AI in Brazilian franchising: only 26% use it in a structured way, ABF finds
A 2025 ABF survey shows that 59% are still testing AI or rely on staff-led initiatives, raising questions about how its use is organised.
Published

Artificial intelligence is already part of the conversation in Brazil’s franchise sector, but structured adoption remains limited. According to a 2025 survey by the Brazilian Franchising Association (ABF), cited in an article published by Pequenas Empresas & Grandes Negócios magazine on 27 September 2026, 26% of respondents use AI in a structured way. For 59%, the technology is either being tested or used at staff members’ own initiative.
From experimentation to organised use
The figures reveal two different stages of adoption. On one side is structured use, reported by roughly one in four survey participants. On the other is a larger group encompassing both experimentation and staff-led use.
This distinction matters when interpreting the findings. Testing a tool does not necessarily mean incorporating it into operations in an organised way. Similarly, a staff-led initiative may provide valuable experience, but the figure alone does not tell us whether it follows network-wide guidelines.
It is also important to recognise the limits of the available information. The published findings do not distinguish between respondents who are only testing AI and those whose staff use it on their own initiative. The 59% should therefore not be described either as an entirely informal group or as a set of projects coordinated by franchisors.
The survey’s main finding is the gap between experimenting with AI and using it in a structured way. The percentages alone do not establish which applications deliver returns or which networks are better prepared.
What the findings mean for discussions within franchise networks
For the franchise sector, the survey provides a starting point for discussing how to turn individual experiments into practices that can be evaluated. This is an implication of the findings, not a conclusion about the performance of the businesses surveyed.
A practical assessment can begin by mapping what is already in use. Which tools are being tested? What tasks do they support? Who monitors the results? These questions help distinguish between simply having access to a technology and integrating it into day-to-day work.
Another consideration is not to confuse frequency of use with quality. Using a tool every day does not, in itself, make it suitable for every task. Before expanding a trial, it is worth setting review criteria and making clear who is accountable for the final decision.
For franchisors and franchisees, the recommendation is to establish a shared vocabulary on the subject. Terms such as testing, approved application and structured use need clear meanings in discussions across the network. This groundwork makes it possible to discuss progress without treating every initiative as though it has reached the same stage.
AI agents on the horizon
The magazine article also includes an assessment by Cassio Pantaleoni, AI Director at Quality Digital, of the technology’s next developments. He identifies agent-based commerce, known as agentic commerce, and B2A infrastructure, described as a development enabling businesses to transact with AI agents, as among the most important trends.

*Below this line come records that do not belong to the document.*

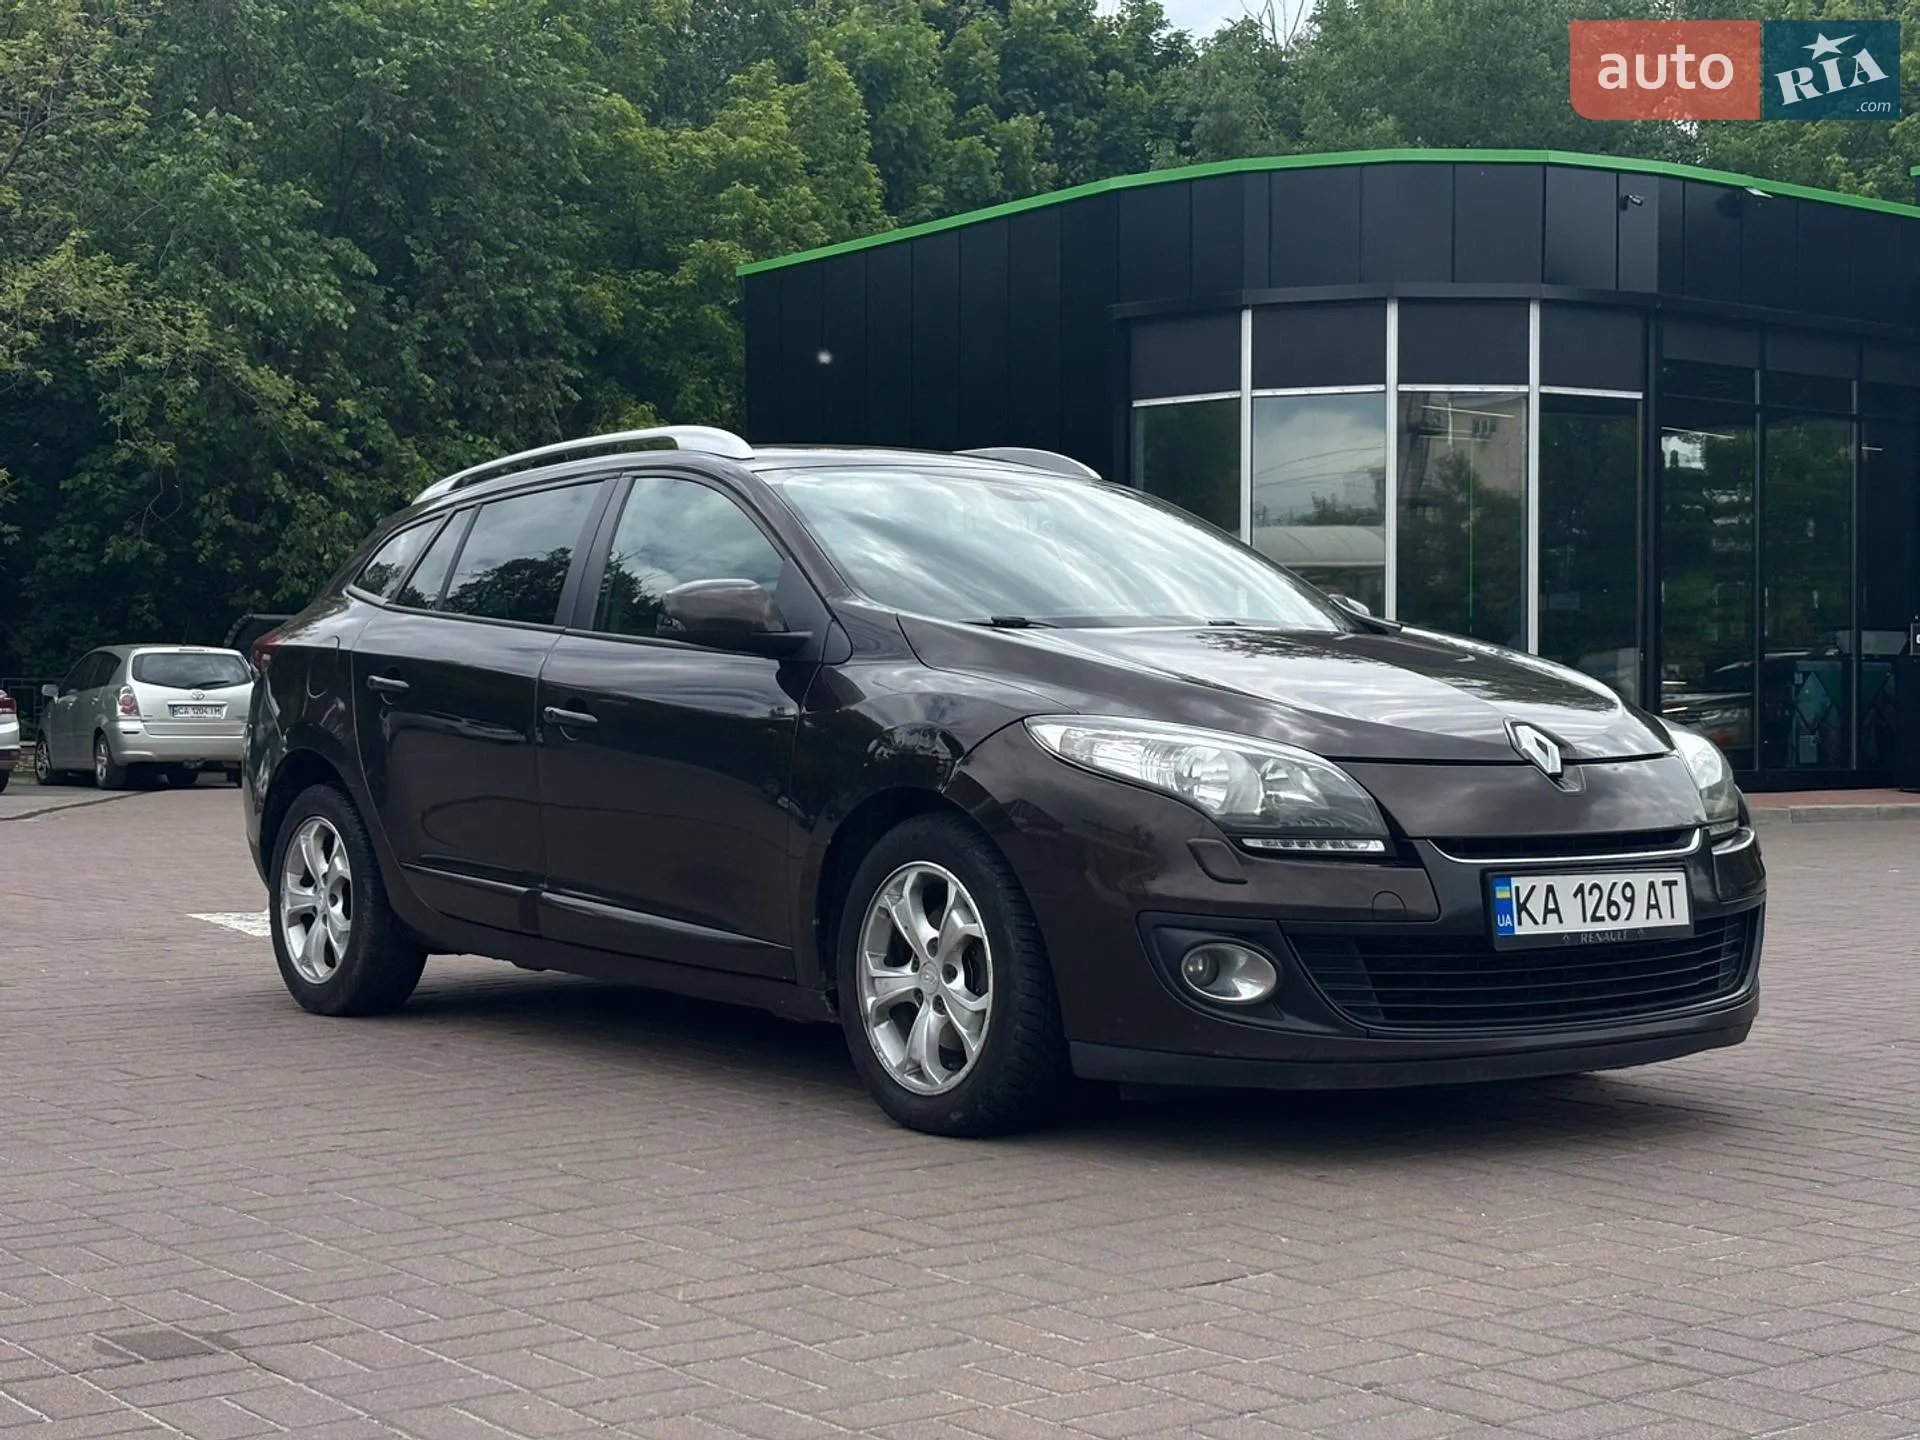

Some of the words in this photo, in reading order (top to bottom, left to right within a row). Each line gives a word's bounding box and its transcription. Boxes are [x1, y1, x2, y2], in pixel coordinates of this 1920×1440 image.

[1514, 884, 1564, 926] KA
[1572, 881, 1636, 923] 1269
[1646, 879, 1678, 920] AT
[1497, 914, 1513, 927] UA
[1580, 930, 1627, 944] RENAULT

This observation broadens the discussion beyond the current adoption of tools. By highlighting transactions with AI agents, Pantaleoni draws attention to potential changes in how commercial relationships are conducted.

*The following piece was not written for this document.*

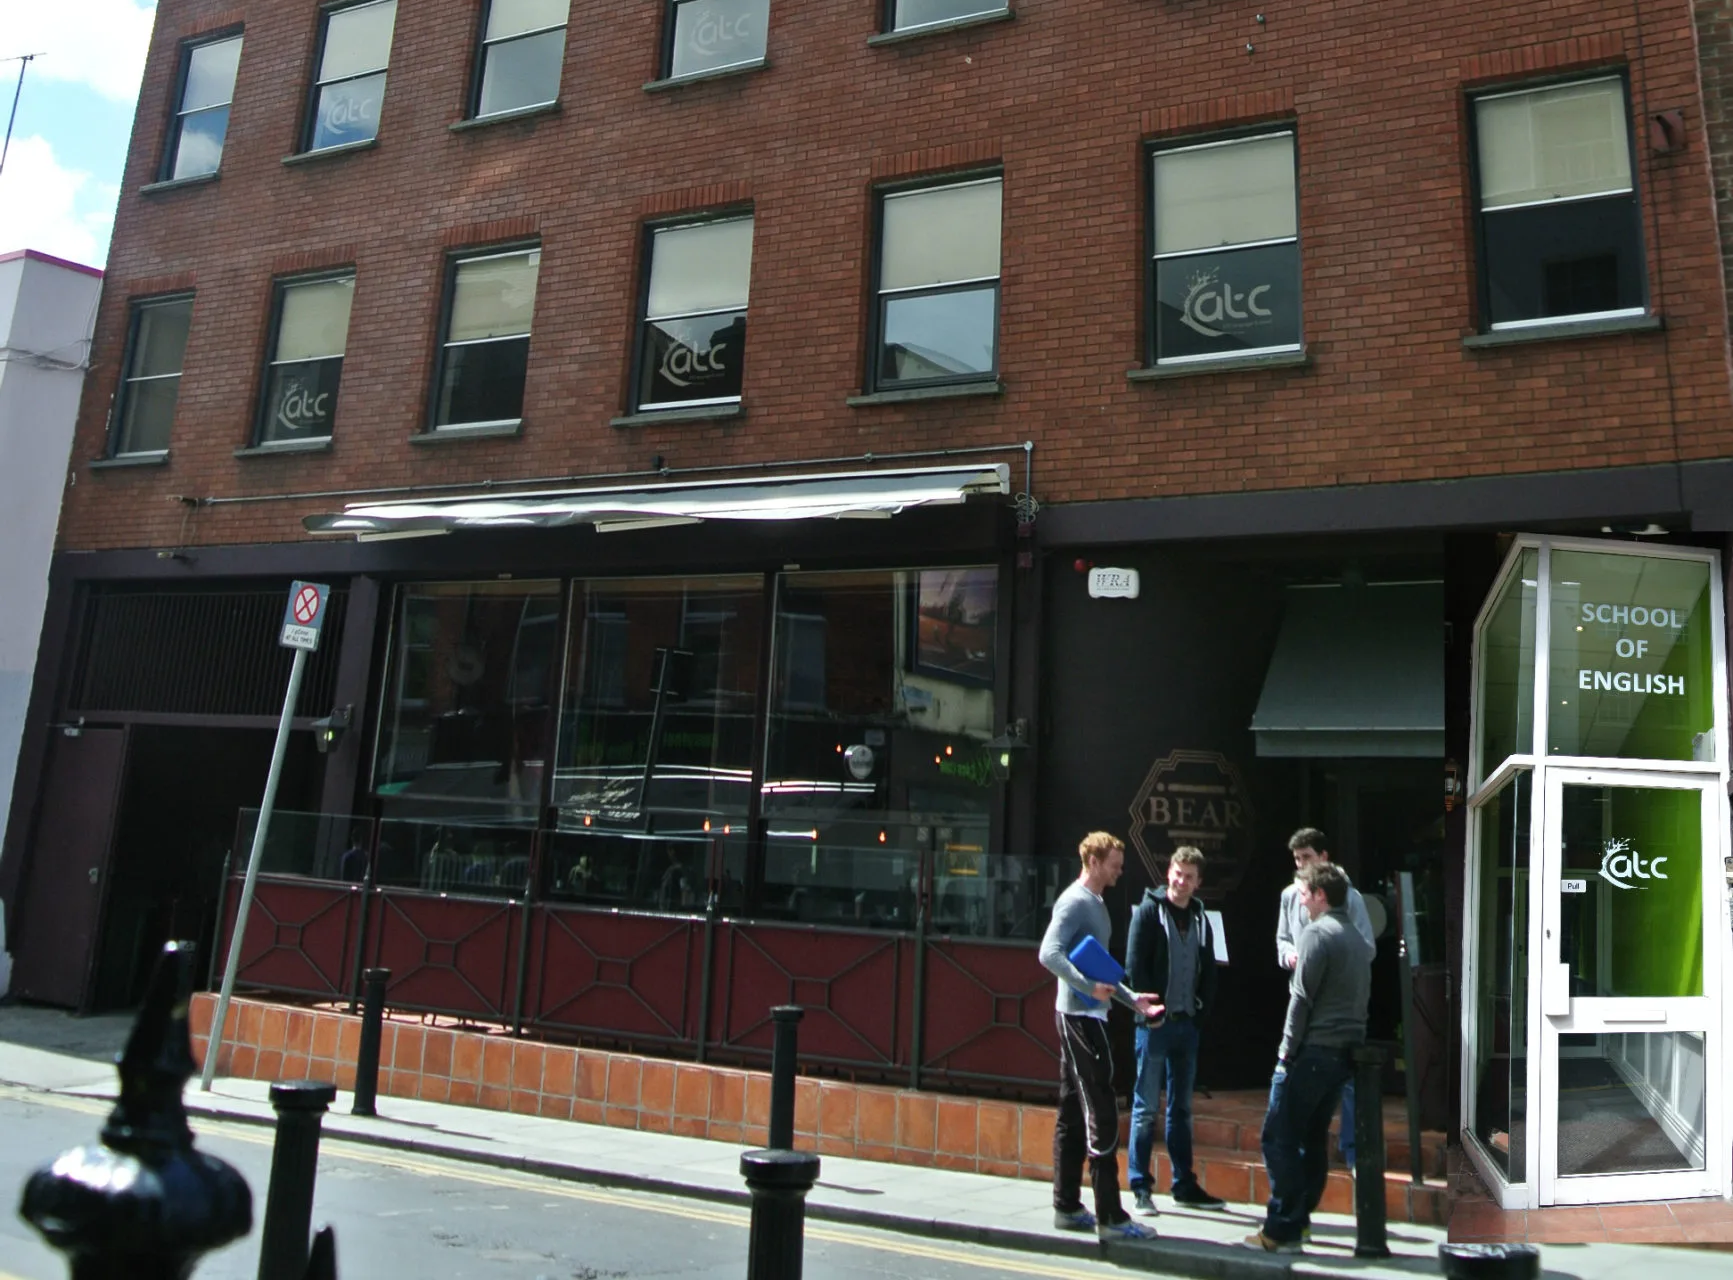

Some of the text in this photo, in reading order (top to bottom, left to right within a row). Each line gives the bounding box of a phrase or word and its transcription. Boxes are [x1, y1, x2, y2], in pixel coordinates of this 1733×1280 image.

It is important, however, to separate this outlook from the survey findings. Identifying a trend does not demonstrate that it has already been widely implemented across Brazilian franchise networks. The information presented does not quantify the adoption of agent-based commerce or B2A infrastructure within those networks.
The subject should therefore be treated as an area to monitor, rather than evidence of a transformation that is already complete.

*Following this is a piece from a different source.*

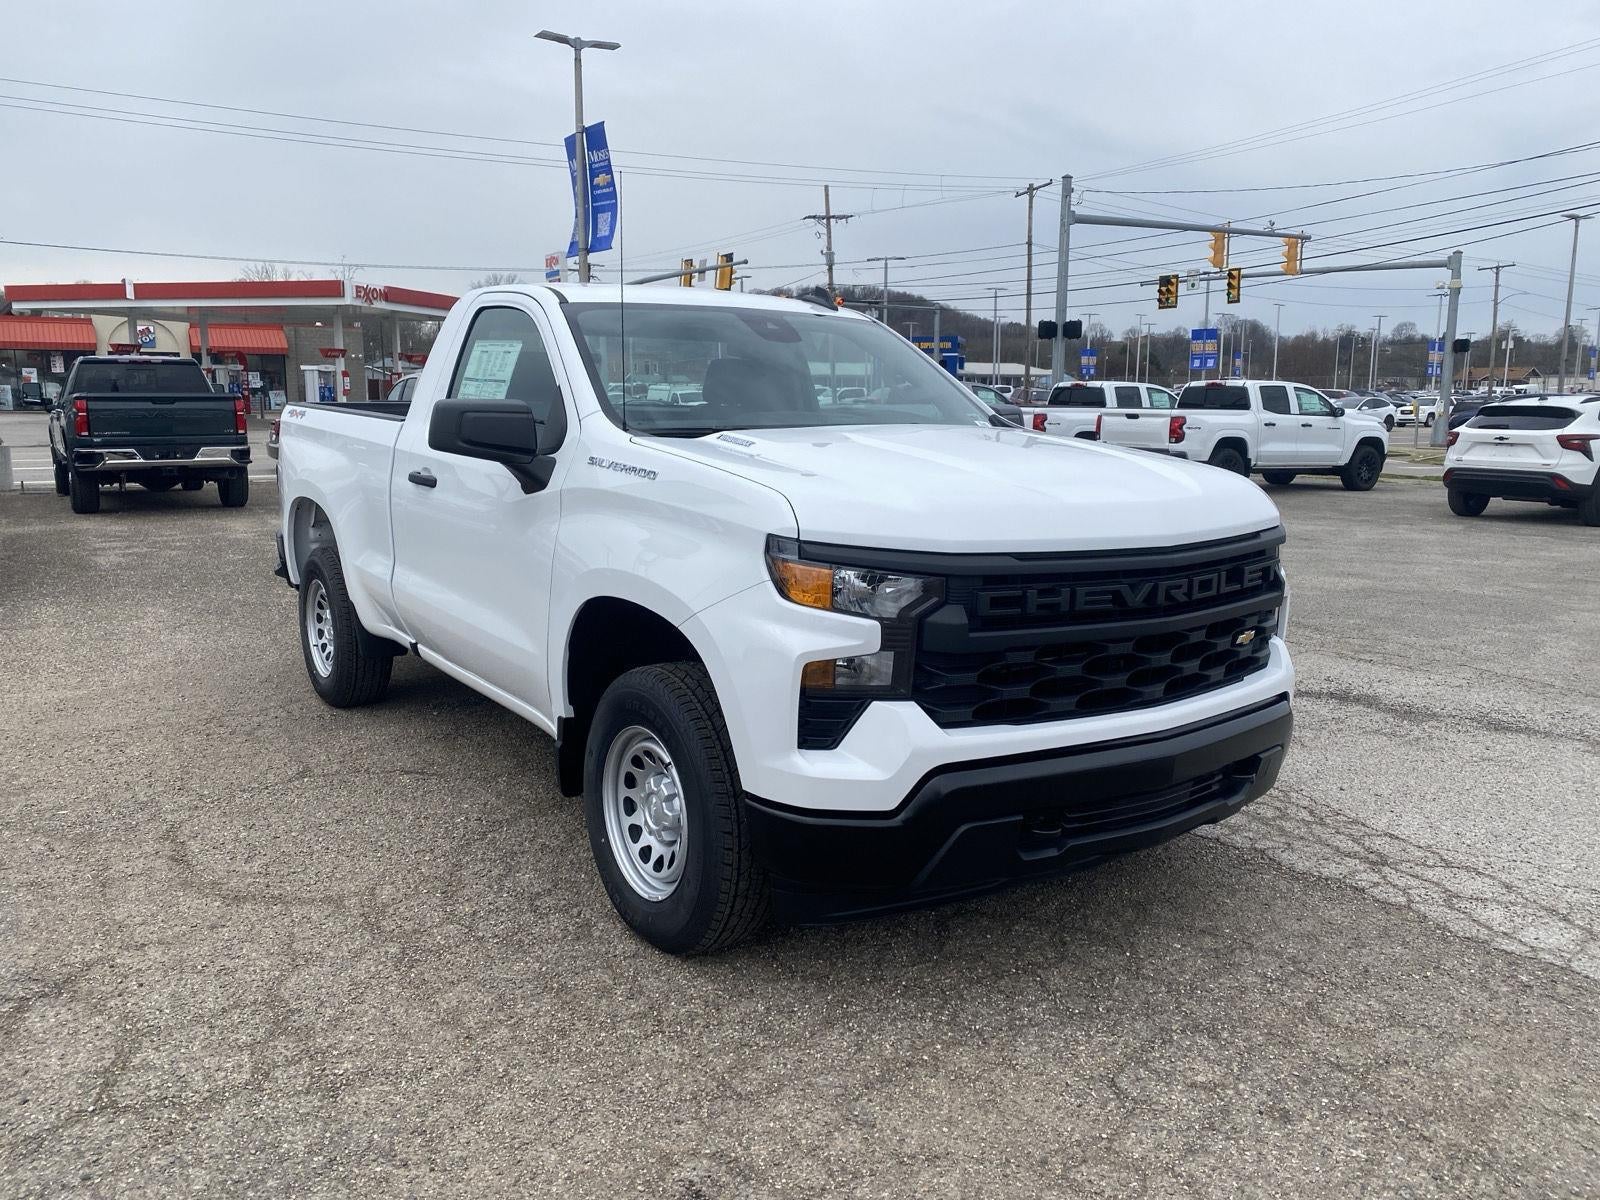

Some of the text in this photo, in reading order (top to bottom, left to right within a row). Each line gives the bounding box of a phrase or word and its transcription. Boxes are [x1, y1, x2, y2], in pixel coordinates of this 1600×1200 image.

[355, 284, 389, 305] EXXON
[587, 456, 658, 481] SILVERADO
[976, 560, 1280, 616] CHEVROLET

Bringing the discussion into day-to-day operations
The contrast between the 26% reporting structured use and the 59% testing AI or relying on staff-led initiatives calls for a careful approach. Before adopting more complex solutions, each network can assess the stage its own initiatives have reached, without assuming that the survey percentages reflect its particular circumstances.
The practical route is to map existing uses, choose one application to evaluate, and assign responsibility and monitoring criteria. For anyone considering investing in a franchise in Brazil, it is worth asking how the network guides AI use. The priority need not be adopting more tools, but understanding what is already being done and how the results will be checked.